ところが男は避けるどころか何の抵抗もしない。
リアンが不審に思っていると男の手が鋼線を掴んだ。そのまま力任せてグイッと振り回すではないか。
そんな事をされれば鋼線で繋がっている小柄な彼の体は宙を舞う。勢いを殺せぬまま、リアンは壁際に積まれた木箱に叩きつけられた。
「——かはっ!」
崩れ落ちた木箱の上でゴホゴホとリアンは咳き込んだ。男の接近を感知したが、叩きつけられた衝撃が体から抜け切らない。
回避が間に合わず小柄な体は軽々と蹴り上げられ、頭を掴まれ、投げられて。
「ぐッ……ゴホゴホッ」
迫り上がった胃液と木箱の欠片で切った額から流れる血が煩わしい。
唯一ありがたいのは男の動きが緩慢な事。距離を取れた隙に硬度のある鋼線を取り出すと、次に降ってきた男の拳を防いだ。
さて、リアンが男に叩きのめされているその隙にまんまと地下から逃げ仰せた伯爵は、書斎の扉前で一人の大男と出会した。
男の顔に見覚えはないが着ているものは使用人が着るものだ。
「地下室にいるガキを殺せ! いいな!」
その命令に膝をついた彼に気をよくして隣を通り抜ける瞬間、何かを砕くような音の後にかくりと伯爵の膝から力が抜けた。

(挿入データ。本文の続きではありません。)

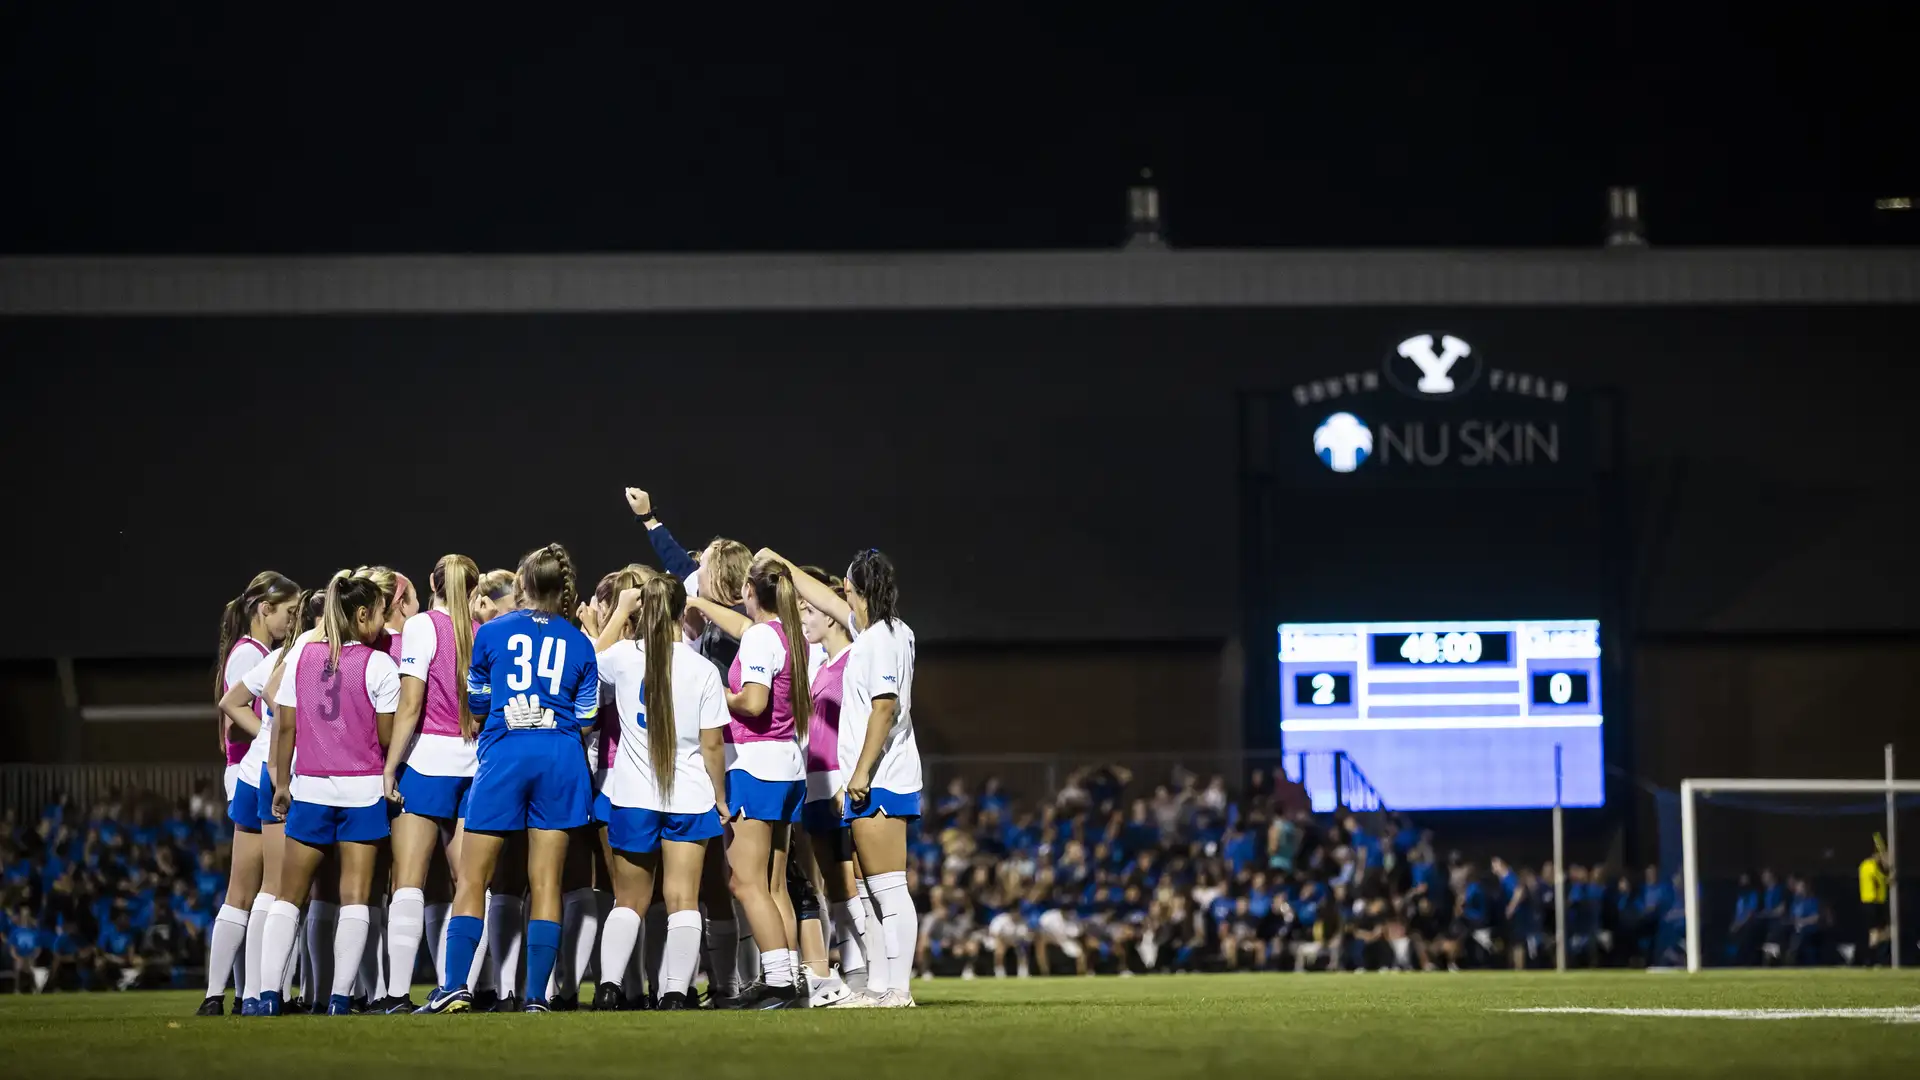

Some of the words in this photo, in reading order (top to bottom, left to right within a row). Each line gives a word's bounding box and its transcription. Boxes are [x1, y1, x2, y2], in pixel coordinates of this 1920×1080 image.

[1396, 333, 1472, 394] Y
[1292, 371, 1380, 406] SOUTH
[1489, 368, 1568, 403] FIELD
[1379, 421, 1450, 466] NU
[1458, 419, 1560, 466] SKIN
[506, 633, 567, 695] 34
[749, 665, 766, 674] WCC
[318, 668, 343, 721] 3
[1311, 673, 1336, 705] 2
[1549, 672, 1573, 704] 0

不思議に思い足を見れば伯爵の右膝がぐしゃぐしゃに潰れている。
「……なんだ?」
「成る程。痛みを感じていないとは……すっかり中毒者だな」
呆然とする伯爵を大男——ファウストはゆっくりと立ち上がり見下ろした。
「貴様、頭が高い! 私は伯爵だぞ! 姫に忠誠を捧げた幹部だぞ!」
「だからなんだ? お前には捕縛命令が出ている。大人しくしていることだな。でなければ……」
覗き込んできた黒曜石の瞳は光の通らない深淵のよう。すっかり顔色をなくしたストーキン伯爵とは反対にファウストは愉しげに嗤う。
「関節が次々と潰れていくぞ」
そう言って耳に届いたのは湿り気のない軽い音。左膝はいとも容易く右と同じ運命を辿った。

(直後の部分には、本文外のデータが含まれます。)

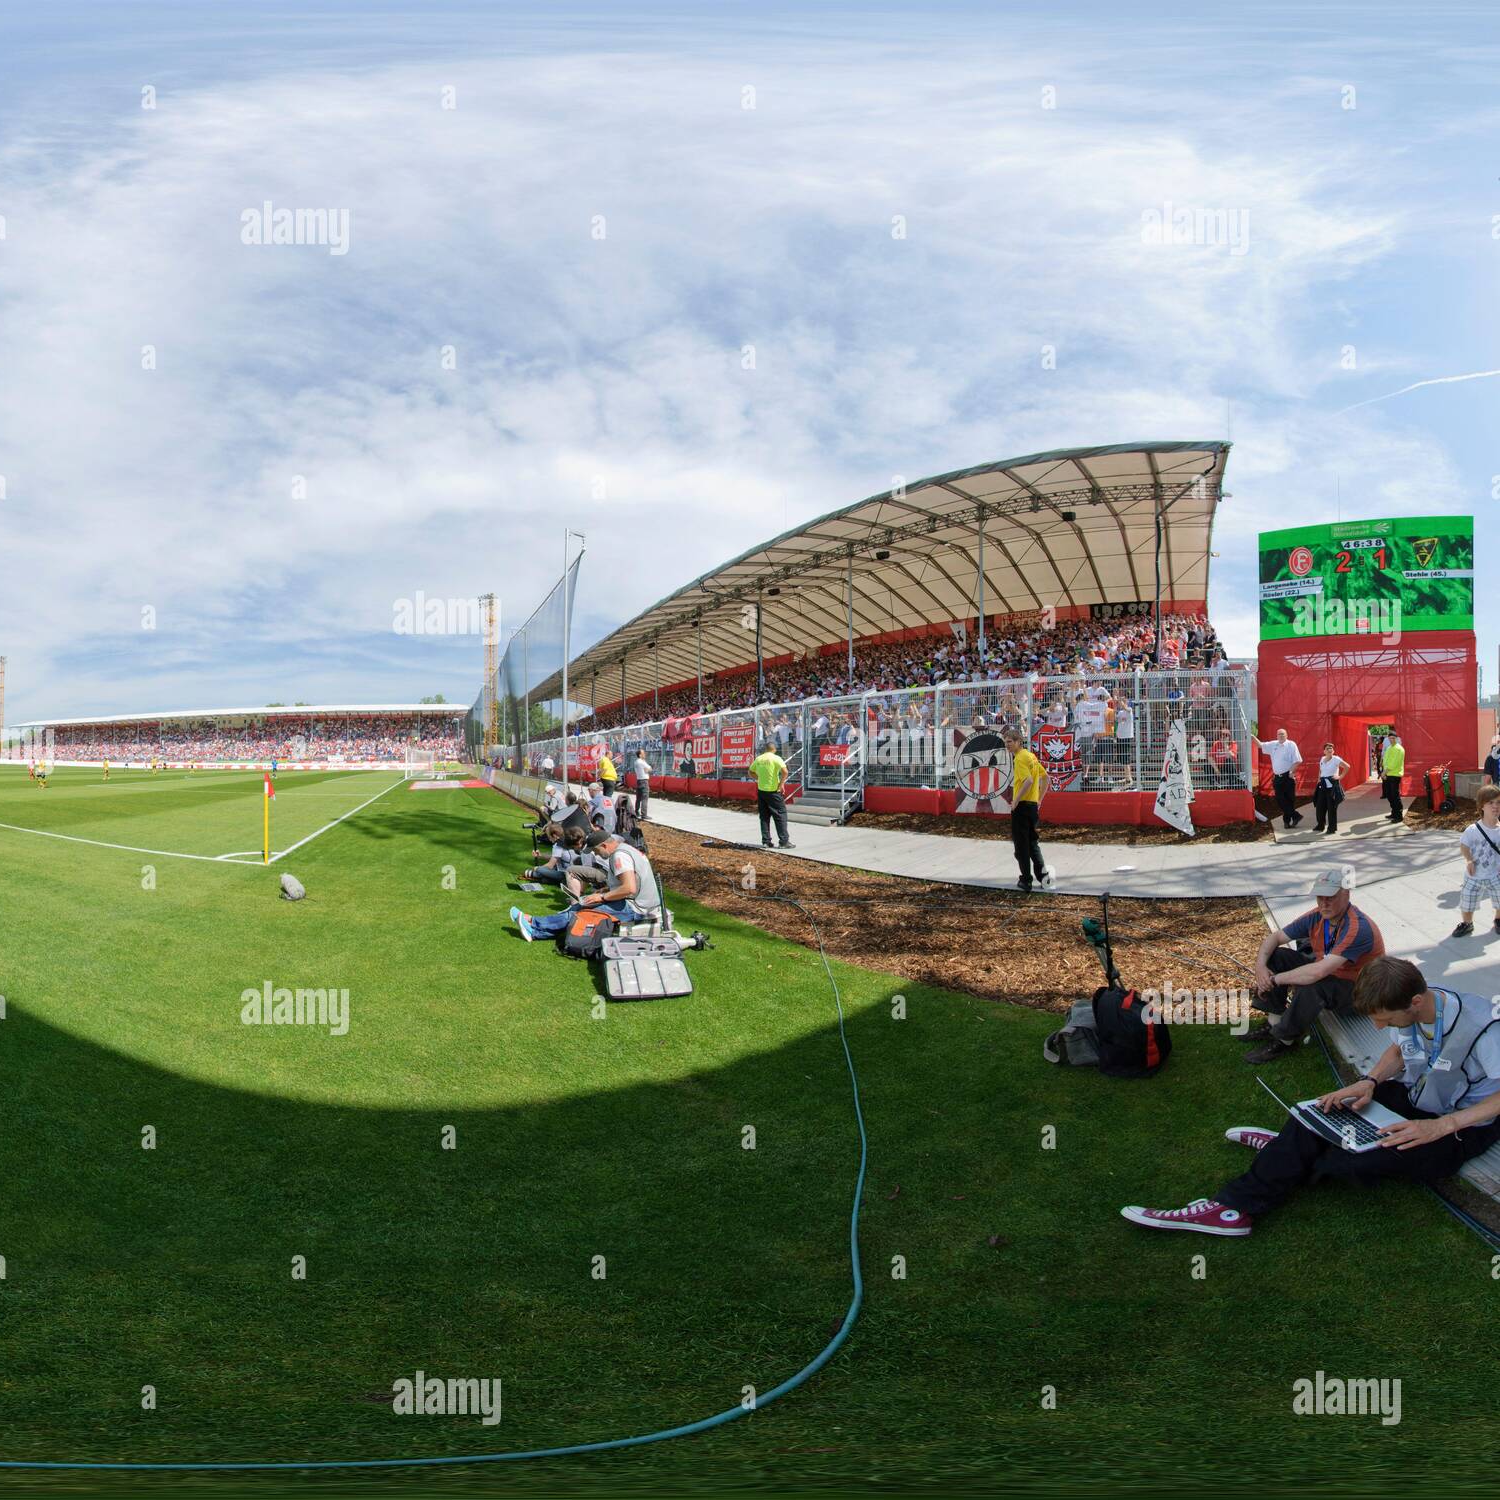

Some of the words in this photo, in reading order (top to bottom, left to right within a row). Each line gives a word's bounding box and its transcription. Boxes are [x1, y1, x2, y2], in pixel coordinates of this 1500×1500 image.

両膝が潰れてしまえば伯爵は逃げるどころか立ち上がることすら出来ない。
「……あ?」
彼にも潰れた膝は見えている。だがそれでも、伯爵自身に痛みはない。
ファウストを見て、膝を見て、またファウストを見て。
——濃く呼び込むような奈落の瞳に
——歪な三日月の口元に
——易々と骨を砕いた怪力に
麻痺した脳は迫り上がる恐怖に負けた。
「ぎゃあぁぁぁぁぁああ! 化け物ぉぉぉ!! 誰っ、誰かー!」
「そう怯えてくれるな。悲しくなる」
ストーキン伯爵の喉から出た絶叫にファウストは悲しげに瞳を揺らす。
ずり這いで逃げようとする彼にまるで赤子をあやすように差し出された手。引き攣った声を断続的に出し、不気味さに震えるばかりの伯爵の手を掬われ——あっさりと、骨が乾いた音を立てた。
ところ戻って、耳を劈く汚い悲鳴は地下にも届いた。しかし、男は拳を振るうことをやめない。
攻撃を防ぎながら、リアンはその様子に眉を顰めた。
——コイツ……聞こえてない……?
ならば、とリアンは痛む体を無視して四方八方に太さも硬さも様々な鋼線を巡らせた。その隙間を縫い、階段を背に男と向き合う。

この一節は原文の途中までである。